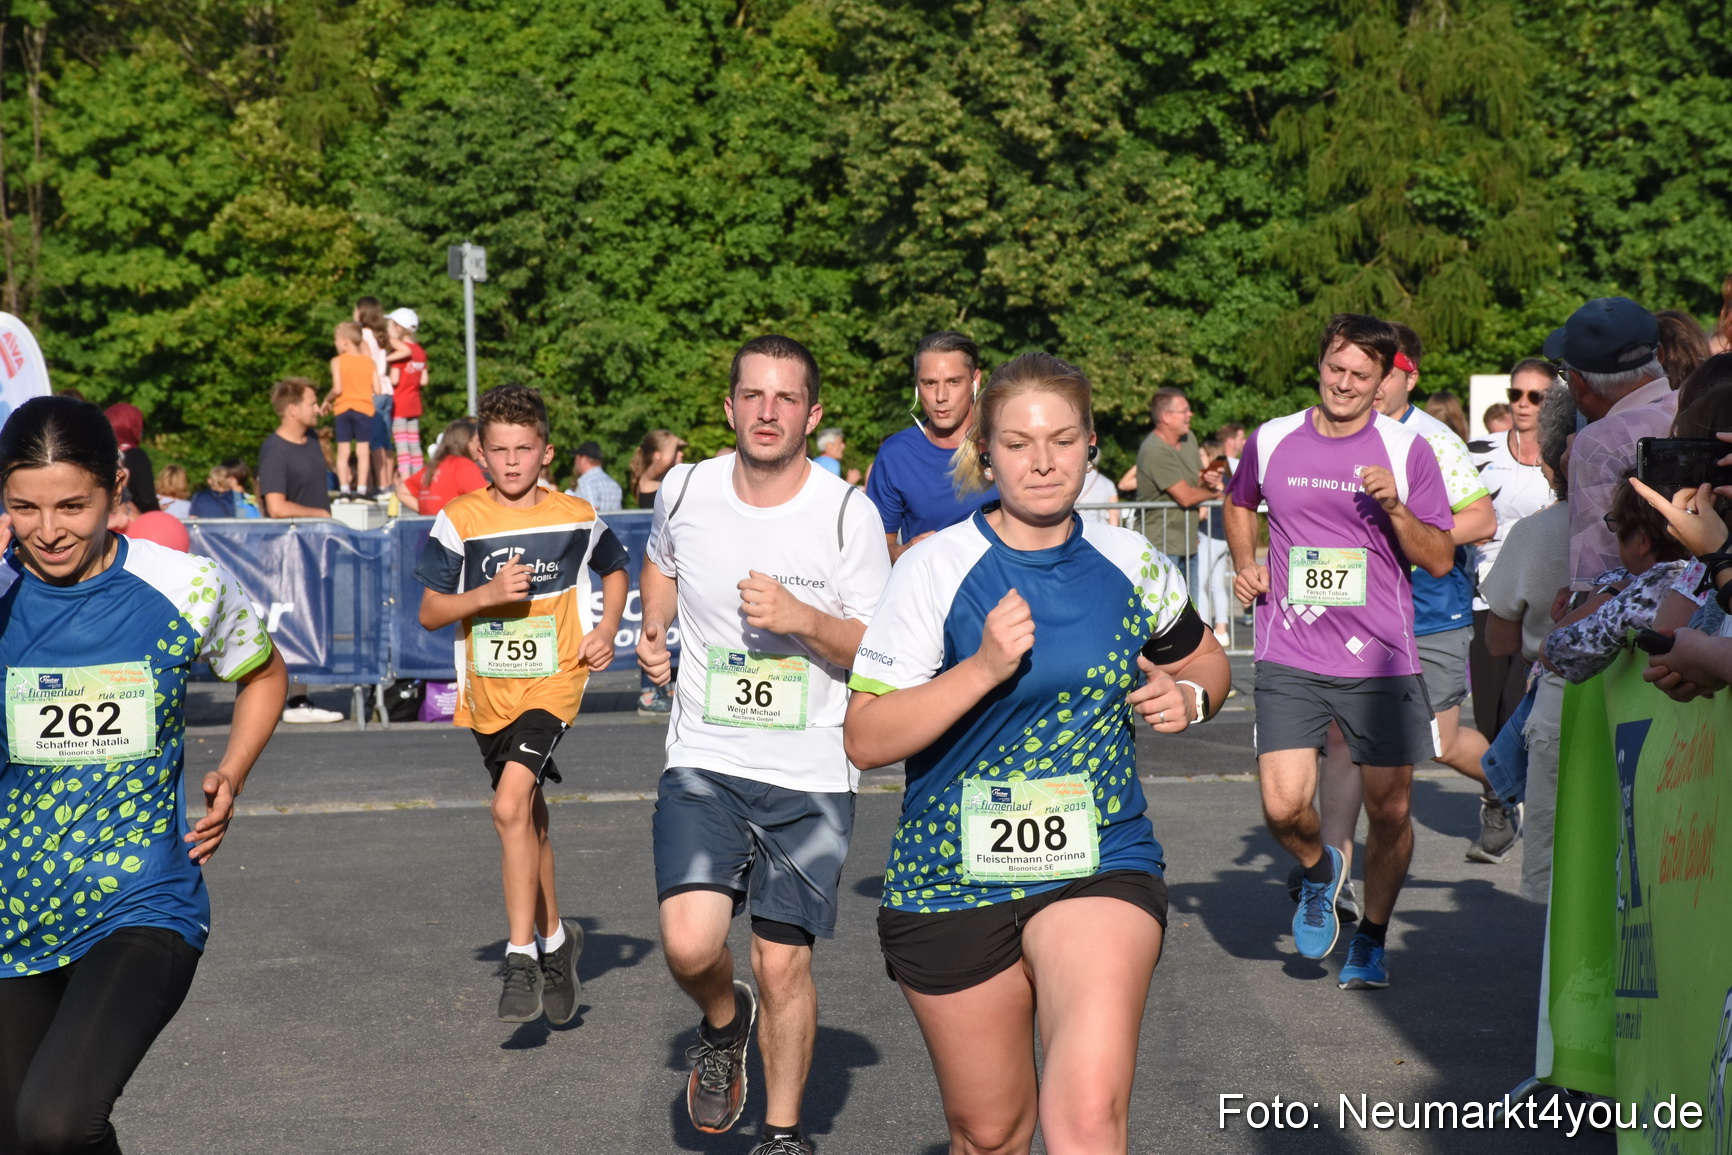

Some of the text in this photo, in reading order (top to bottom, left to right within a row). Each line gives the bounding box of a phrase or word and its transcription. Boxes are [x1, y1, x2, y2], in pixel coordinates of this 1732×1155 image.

[1287, 476, 1308, 487] WIR
[1311, 478, 1339, 490] SIND
[772, 574, 826, 589] auctores
[1305, 568, 1349, 589] 887
[490, 639, 537, 661] 759
[857, 643, 894, 667] ionorica
[28, 686, 86, 699] firmenlauf
[119, 689, 145, 699] 2019
[735, 678, 773, 708] 36
[727, 704, 781, 717] Weigl Michael
[732, 713, 756, 721] Auctores
[39, 701, 122, 739] 262
[36, 736, 130, 750] Schaffner Natalia
[58, 747, 107, 757] Bionorica SE
[981, 800, 1033, 812] firmenlauf
[1064, 801, 1087, 812] 2019
[990, 815, 1068, 853] 208
[976, 851, 1086, 864] Fleischmann Corinna
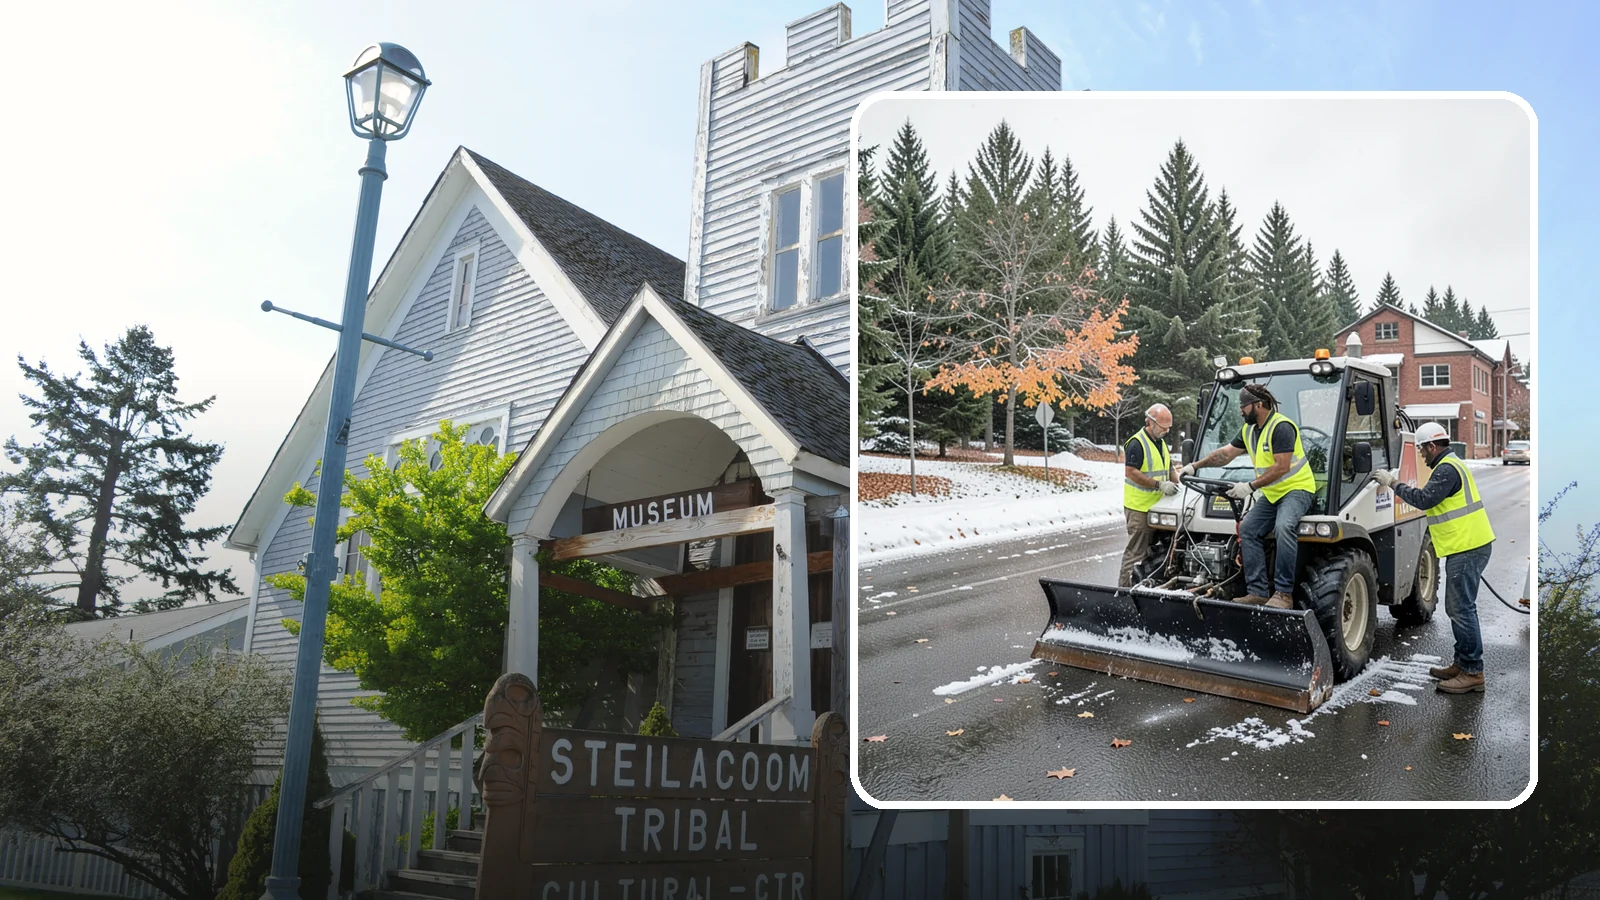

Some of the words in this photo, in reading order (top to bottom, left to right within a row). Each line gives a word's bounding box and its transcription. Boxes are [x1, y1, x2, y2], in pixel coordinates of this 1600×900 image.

[613, 492, 713, 531] MUSEUM
[551, 738, 809, 792] STEILACOOM
[614, 807, 758, 852] TRIBAL
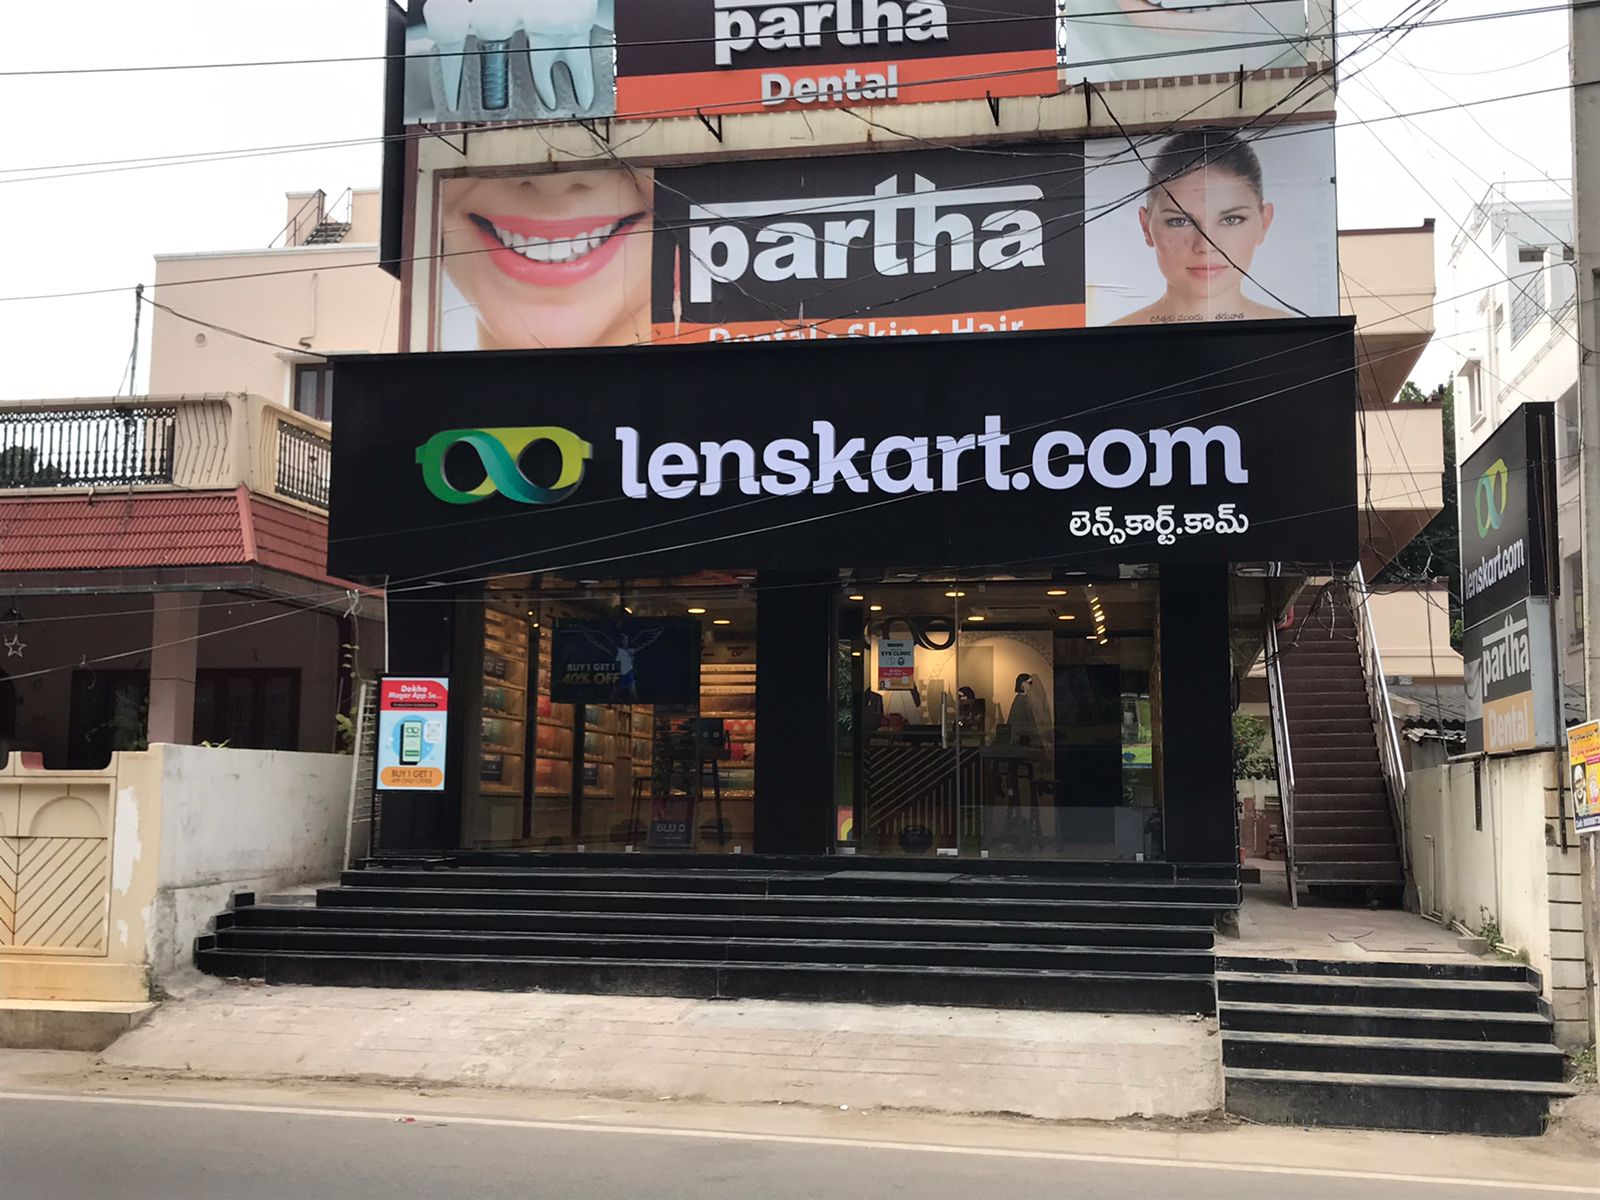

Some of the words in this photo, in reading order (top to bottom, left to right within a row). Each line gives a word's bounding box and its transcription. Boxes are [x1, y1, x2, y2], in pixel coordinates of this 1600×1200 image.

[714, 0, 949, 66] partha
[761, 64, 899, 105] Dental
[689, 173, 1046, 303] partha
[615, 415, 1249, 500] lenskart.com
[1465, 538, 1525, 600] lenskart.com
[594, 672, 620, 685] OFF
[1482, 613, 1531, 698] partha
[1487, 699, 1529, 747] Dental
[391, 769, 406, 778] BUY

• • • • •

[Instructions to follow]
Each entry above is to be given again exactly, and any image in it is to be dropped.

[Output]
Some of the text in this photo, in reading order (top to bottom, left to right within a row). Each line gives the bounding box of a phrase or word and its transcription. Boxes are [x1, y1, x2, y2], in pixel coordinates of this 1732×1155 image.

[1287, 476, 1308, 487] WIR
[1311, 478, 1339, 490] SIND
[772, 574, 826, 589] auctores
[1305, 568, 1349, 589] 887
[490, 639, 537, 661] 759
[857, 643, 894, 667] ionorica
[28, 686, 86, 699] firmenlauf
[119, 689, 145, 699] 2019
[735, 678, 773, 708] 36
[727, 704, 781, 717] Weigl Michael
[732, 713, 756, 721] Auctores
[39, 701, 122, 739] 262
[36, 736, 130, 750] Schaffner Natalia
[58, 747, 107, 757] Bionorica SE
[981, 800, 1033, 812] firmenlauf
[1064, 801, 1087, 812] 2019
[990, 815, 1068, 853] 208
[976, 851, 1086, 864] Fleischmann Corinna

Some of the words in this photo, in reading order (top to bottom, left to right within a row). Each line gives a word's bounding box and its transcription. Boxes are [x1, y1, x2, y2], in pixel coordinates of this 1600×900 image.

[613, 492, 713, 531] MUSEUM
[551, 738, 809, 792] STEILACOOM
[614, 807, 758, 852] TRIBAL

Some of the words in this photo, in reading order (top to bottom, left to right within a row). Each line gives a word's bounding box and its transcription. Boxes are [x1, y1, x2, y2], in pixel coordinates of this 1600×1200 image.

[714, 0, 949, 66] partha
[761, 64, 899, 105] Dental
[689, 173, 1046, 303] partha
[615, 415, 1249, 500] lenskart.com
[1465, 538, 1525, 600] lenskart.com
[594, 672, 620, 685] OFF
[1482, 613, 1531, 698] partha
[1487, 699, 1529, 747] Dental
[391, 769, 406, 778] BUY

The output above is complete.